** Supplied material follows **

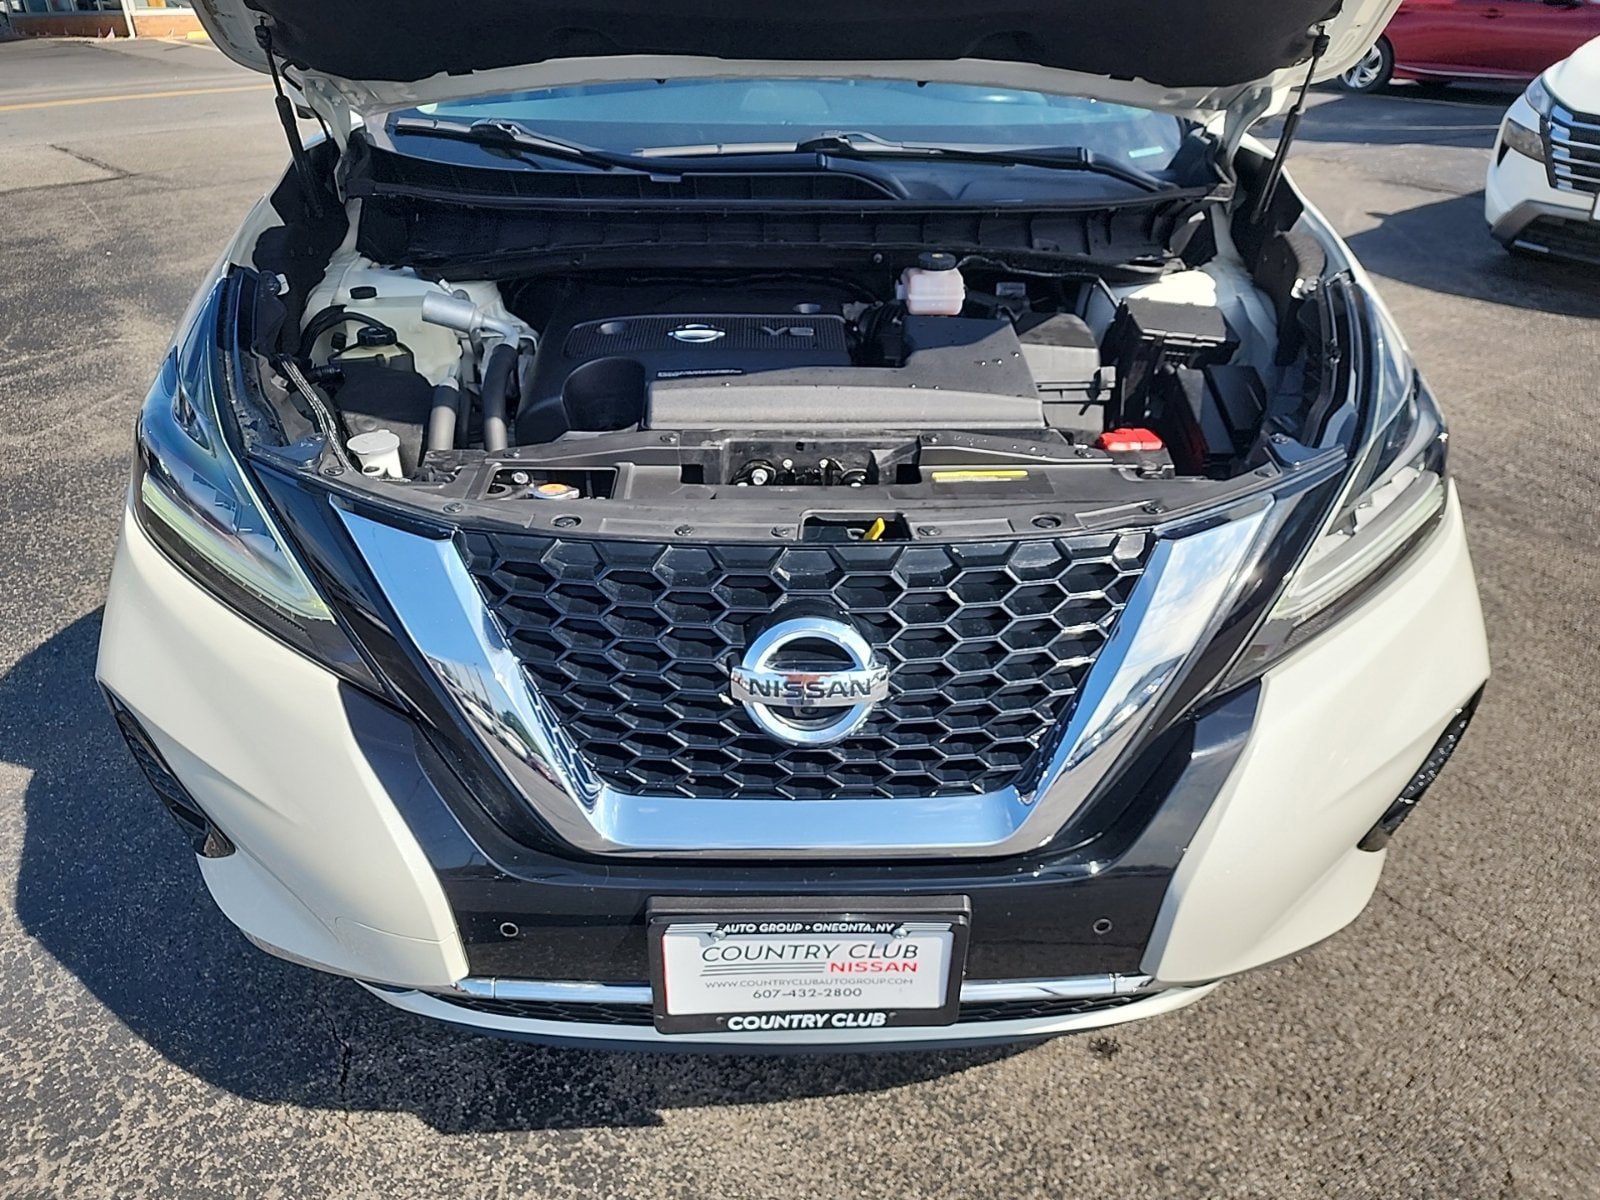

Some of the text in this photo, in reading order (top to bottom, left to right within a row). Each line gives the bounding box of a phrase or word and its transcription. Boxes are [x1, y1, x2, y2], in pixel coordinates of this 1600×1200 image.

[750, 678, 871, 698] NISSAN
[722, 923, 757, 933] AUTO
[759, 923, 803, 933] GROUP
[702, 944, 918, 962] COUNTRY CLUB
[830, 962, 918, 973] NISSAN
[753, 988, 862, 998] 607-432-2800
[727, 1012, 887, 1030] COUNTRY CLUB
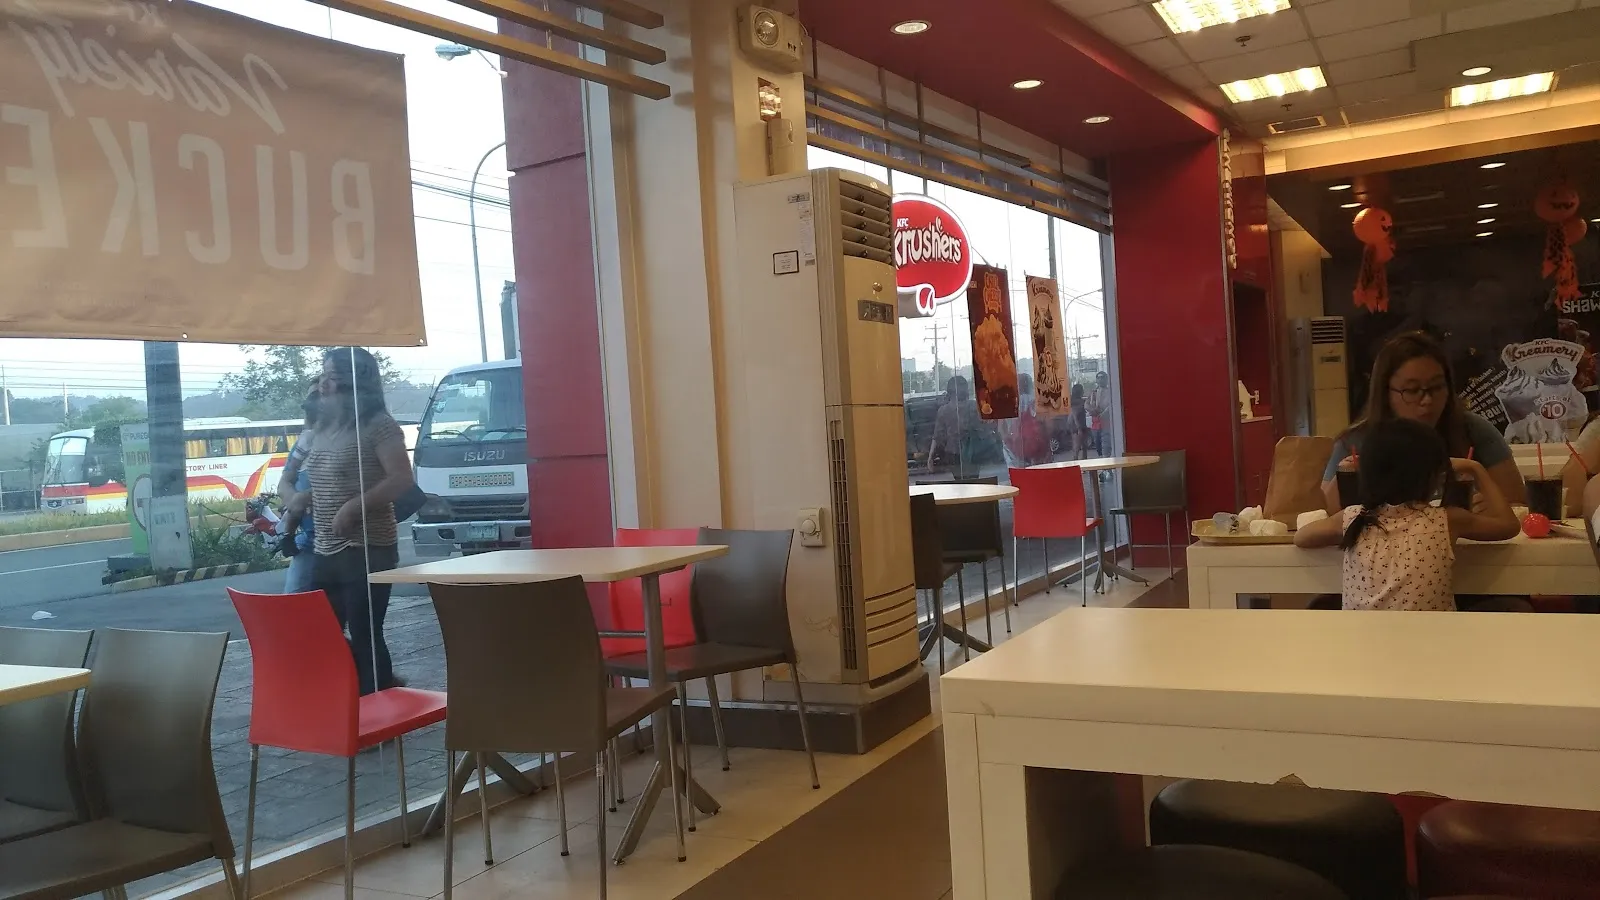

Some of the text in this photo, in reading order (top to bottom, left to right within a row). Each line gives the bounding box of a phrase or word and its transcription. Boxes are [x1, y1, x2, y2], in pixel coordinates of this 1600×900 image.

[896, 217, 909, 228] KFC
[1511, 345, 1579, 362] Kreamery
[464, 450, 505, 461] ISUZU
[209, 463, 228, 471] LINER

** End of Supplied material **

- **What you are asked to do**
Please output all the data exactly as given, with the pictures omitted.

- **Solution to this exercise**
Some of the text in this photo, in reading order (top to bottom, left to right within a row). Each line gives the bounding box of a phrase or word and its transcription. Boxes are [x1, y1, x2, y2], in pixel coordinates of this 1600×1200 image.

[750, 678, 871, 698] NISSAN
[722, 923, 757, 933] AUTO
[759, 923, 803, 933] GROUP
[702, 944, 918, 962] COUNTRY CLUB
[830, 962, 918, 973] NISSAN
[753, 988, 862, 998] 607-432-2800
[727, 1012, 887, 1030] COUNTRY CLUB

Some of the text in this photo, in reading order (top to bottom, left to right within a row). Each line gives the bounding box of a phrase or word and its transcription. Boxes are [x1, y1, x2, y2], in pixel coordinates of this 1600×900 image.

[896, 217, 909, 228] KFC
[1511, 345, 1579, 362] Kreamery
[464, 450, 505, 461] ISUZU
[209, 463, 228, 471] LINER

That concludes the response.